On a Mission

by Lunakitty



Category: Game of Thrones (TV)
Genre: Alternate Universe - Modern Setting, F/M, Jon Snow and Sansa Stark Are Not Related, Kissing, Romance
Language: English
Status: Completed
Published: 2020-07-14
Updated: 2020-07-14
Packaged: 2021-03-05 03:15:26
Rating: Teen And Up Audiences
Warnings: Creator Chose Not To Use Archive Warnings
Chapters: 1
Words: 2,018
Publisher: archiveofourown.org
Story URL: https://archiveofourown.org/works/25267468
Author URL: https://archiveofourown.org/users/Lunakitty/pseuds/Lunakitty
Summary: Sansa Stark is on a mission tonight. She will either confess her love and get her man....or forever hold her peace. Probably. Either way, it's going down for real.
Relationships: Jon Snow/Sansa Stark
Comments: 21
Kudos: 106





	On a Mission

**Author's Note:**

  * For [Amymel86](https://archiveofourown.org/users/Amymel86/gifts), [vivilove](https://archiveofourown.org/users/vivilove/gifts), [Janina](https://archiveofourown.org/users/Janina/gifts).

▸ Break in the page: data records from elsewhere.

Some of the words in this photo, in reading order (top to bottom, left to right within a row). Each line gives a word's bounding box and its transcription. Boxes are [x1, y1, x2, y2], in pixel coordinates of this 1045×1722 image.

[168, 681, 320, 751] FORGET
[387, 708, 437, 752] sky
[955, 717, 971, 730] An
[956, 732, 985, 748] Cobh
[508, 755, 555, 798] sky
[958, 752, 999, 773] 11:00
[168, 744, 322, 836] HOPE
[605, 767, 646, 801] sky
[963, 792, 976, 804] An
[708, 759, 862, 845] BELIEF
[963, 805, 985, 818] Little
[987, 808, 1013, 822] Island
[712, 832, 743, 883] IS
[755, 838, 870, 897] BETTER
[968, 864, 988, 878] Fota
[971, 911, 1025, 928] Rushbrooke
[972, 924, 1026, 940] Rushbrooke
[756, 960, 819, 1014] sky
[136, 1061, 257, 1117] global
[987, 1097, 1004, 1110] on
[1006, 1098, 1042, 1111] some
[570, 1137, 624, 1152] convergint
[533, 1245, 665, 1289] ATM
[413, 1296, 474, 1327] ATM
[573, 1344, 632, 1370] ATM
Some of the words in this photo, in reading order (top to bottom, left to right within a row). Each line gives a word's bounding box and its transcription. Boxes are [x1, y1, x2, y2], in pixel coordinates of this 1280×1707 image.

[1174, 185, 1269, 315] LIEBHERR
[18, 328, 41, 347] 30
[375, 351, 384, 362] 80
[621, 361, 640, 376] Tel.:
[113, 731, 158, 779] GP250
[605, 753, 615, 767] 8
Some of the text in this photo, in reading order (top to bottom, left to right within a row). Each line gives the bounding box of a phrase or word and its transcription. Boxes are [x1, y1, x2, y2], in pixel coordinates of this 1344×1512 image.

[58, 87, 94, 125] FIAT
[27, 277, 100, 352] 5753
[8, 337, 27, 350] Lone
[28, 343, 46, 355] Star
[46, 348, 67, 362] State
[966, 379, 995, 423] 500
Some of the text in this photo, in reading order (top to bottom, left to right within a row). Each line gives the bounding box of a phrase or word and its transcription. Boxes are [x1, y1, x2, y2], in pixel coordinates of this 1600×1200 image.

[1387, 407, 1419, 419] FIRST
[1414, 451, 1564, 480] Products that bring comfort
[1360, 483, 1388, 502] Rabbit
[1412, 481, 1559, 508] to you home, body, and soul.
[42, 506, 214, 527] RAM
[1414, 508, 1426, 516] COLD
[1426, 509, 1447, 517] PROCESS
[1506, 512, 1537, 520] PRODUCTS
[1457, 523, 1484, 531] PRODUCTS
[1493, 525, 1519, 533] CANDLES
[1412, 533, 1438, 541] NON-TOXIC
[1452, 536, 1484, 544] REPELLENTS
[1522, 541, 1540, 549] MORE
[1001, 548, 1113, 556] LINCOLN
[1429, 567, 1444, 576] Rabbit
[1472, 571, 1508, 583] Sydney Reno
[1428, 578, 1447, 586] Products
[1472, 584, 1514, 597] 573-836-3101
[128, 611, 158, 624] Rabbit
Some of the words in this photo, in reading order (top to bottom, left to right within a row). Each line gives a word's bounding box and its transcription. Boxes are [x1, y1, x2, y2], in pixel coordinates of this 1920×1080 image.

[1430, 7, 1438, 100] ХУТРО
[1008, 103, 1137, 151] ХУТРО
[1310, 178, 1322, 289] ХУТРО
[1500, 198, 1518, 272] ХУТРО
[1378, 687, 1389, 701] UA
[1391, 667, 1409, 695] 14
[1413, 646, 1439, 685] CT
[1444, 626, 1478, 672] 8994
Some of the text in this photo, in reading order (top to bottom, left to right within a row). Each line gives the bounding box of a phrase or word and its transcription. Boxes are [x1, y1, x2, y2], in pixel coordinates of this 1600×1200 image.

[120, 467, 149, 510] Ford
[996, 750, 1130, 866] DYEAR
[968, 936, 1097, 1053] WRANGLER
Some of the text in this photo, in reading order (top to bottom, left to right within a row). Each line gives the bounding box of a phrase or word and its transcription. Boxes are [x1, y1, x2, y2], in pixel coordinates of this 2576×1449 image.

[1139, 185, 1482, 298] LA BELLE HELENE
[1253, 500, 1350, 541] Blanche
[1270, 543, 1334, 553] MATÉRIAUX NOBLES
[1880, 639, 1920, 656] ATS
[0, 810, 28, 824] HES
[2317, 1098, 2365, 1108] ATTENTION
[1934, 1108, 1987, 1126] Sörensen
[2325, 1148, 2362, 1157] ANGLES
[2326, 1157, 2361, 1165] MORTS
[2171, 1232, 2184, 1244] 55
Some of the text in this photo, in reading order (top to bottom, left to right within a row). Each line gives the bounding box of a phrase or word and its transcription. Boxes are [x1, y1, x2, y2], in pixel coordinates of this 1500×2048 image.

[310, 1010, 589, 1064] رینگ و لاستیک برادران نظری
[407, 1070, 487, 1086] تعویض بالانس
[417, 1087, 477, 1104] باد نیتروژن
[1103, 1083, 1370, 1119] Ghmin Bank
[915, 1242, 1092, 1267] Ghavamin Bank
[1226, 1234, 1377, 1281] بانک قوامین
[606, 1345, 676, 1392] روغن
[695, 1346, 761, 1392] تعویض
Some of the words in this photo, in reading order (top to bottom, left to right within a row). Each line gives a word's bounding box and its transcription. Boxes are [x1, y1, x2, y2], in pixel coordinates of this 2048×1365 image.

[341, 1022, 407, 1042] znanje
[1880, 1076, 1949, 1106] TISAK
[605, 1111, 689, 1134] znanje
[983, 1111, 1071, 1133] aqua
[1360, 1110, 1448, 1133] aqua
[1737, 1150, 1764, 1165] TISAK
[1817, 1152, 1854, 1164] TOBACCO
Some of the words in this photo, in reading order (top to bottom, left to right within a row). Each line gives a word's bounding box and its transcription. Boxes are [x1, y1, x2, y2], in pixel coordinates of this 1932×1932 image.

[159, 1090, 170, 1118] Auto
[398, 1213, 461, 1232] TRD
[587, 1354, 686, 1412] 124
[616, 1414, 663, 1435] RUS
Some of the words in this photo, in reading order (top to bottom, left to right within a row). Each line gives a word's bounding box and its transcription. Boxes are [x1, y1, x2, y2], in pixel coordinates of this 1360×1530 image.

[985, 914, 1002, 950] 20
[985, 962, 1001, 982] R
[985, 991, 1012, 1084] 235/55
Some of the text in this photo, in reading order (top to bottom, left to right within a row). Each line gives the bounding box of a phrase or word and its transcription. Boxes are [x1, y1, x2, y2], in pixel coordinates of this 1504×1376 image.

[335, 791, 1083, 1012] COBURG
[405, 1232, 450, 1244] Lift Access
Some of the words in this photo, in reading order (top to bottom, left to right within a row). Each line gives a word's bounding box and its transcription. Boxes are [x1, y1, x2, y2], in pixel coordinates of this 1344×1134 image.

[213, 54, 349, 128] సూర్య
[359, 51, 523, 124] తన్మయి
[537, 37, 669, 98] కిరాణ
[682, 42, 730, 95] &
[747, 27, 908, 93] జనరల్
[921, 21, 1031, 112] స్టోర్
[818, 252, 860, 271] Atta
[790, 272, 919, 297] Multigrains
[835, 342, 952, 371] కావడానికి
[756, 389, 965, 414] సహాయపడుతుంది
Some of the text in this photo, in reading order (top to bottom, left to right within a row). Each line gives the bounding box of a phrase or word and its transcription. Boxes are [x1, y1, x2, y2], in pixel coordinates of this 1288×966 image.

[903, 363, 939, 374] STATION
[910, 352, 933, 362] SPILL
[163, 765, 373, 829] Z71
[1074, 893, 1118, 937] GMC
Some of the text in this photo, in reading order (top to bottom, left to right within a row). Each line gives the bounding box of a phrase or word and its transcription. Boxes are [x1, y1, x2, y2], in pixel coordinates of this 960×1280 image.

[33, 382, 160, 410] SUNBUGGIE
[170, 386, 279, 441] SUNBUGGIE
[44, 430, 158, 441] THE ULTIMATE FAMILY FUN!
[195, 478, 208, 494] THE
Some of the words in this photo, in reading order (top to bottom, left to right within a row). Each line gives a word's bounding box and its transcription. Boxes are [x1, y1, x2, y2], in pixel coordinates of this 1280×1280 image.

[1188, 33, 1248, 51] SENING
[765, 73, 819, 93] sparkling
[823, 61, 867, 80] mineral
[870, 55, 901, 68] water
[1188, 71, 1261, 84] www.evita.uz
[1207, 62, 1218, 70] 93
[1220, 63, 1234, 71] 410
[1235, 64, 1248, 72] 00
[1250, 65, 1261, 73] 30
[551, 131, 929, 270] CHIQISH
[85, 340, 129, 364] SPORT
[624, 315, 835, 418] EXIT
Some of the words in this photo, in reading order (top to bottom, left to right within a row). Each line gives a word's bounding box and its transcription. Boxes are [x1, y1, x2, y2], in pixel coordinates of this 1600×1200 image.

> Long time lurker, first time writer.  
> Gifting to my personal favorite Jonsa writers who have  
> made life a bit more sparkly for their prose.  
> I own nothing and any mistakes are my bad.  
> I have so enjoyed being a Jonsa lurker.  
> I hope this isn't complete shit.  
> I had fun writing it FWIW.  
> Thanks for giving it a chance.

Sansa Stark downed the last of her glass of wine as she regarded her reflection in the mirror.

Tonight was going to be a monumental night in her young life.  
Tonight she would either be united with the love of her life or spend the next 50 years or more in abject humiliation until one of them dies. Or get the drunkest she's ever been. She's not sure which yet. 

As she started to apply another gratuitous layer of lip gloss, her stomach clenched in exhilarated dread as she contemplated how she got here.  
Sansa was a romantic. She believed in true love, in soul mates. She loved fairy tales and happy endings. 

From the day she turned sixteen (and was finally allowed to go on dates), she only had eyes for one man. And that man was her brother Robb’s best friend, Jon Snow.  
Jon first came to the Stark house for a play date when the boys were seven. They had absolutely no use for three year old Sansa at that time but as the years passed and more Starklings arrived, Jon became part of their pack. And more importantly, at least to her, Sansa's friend. 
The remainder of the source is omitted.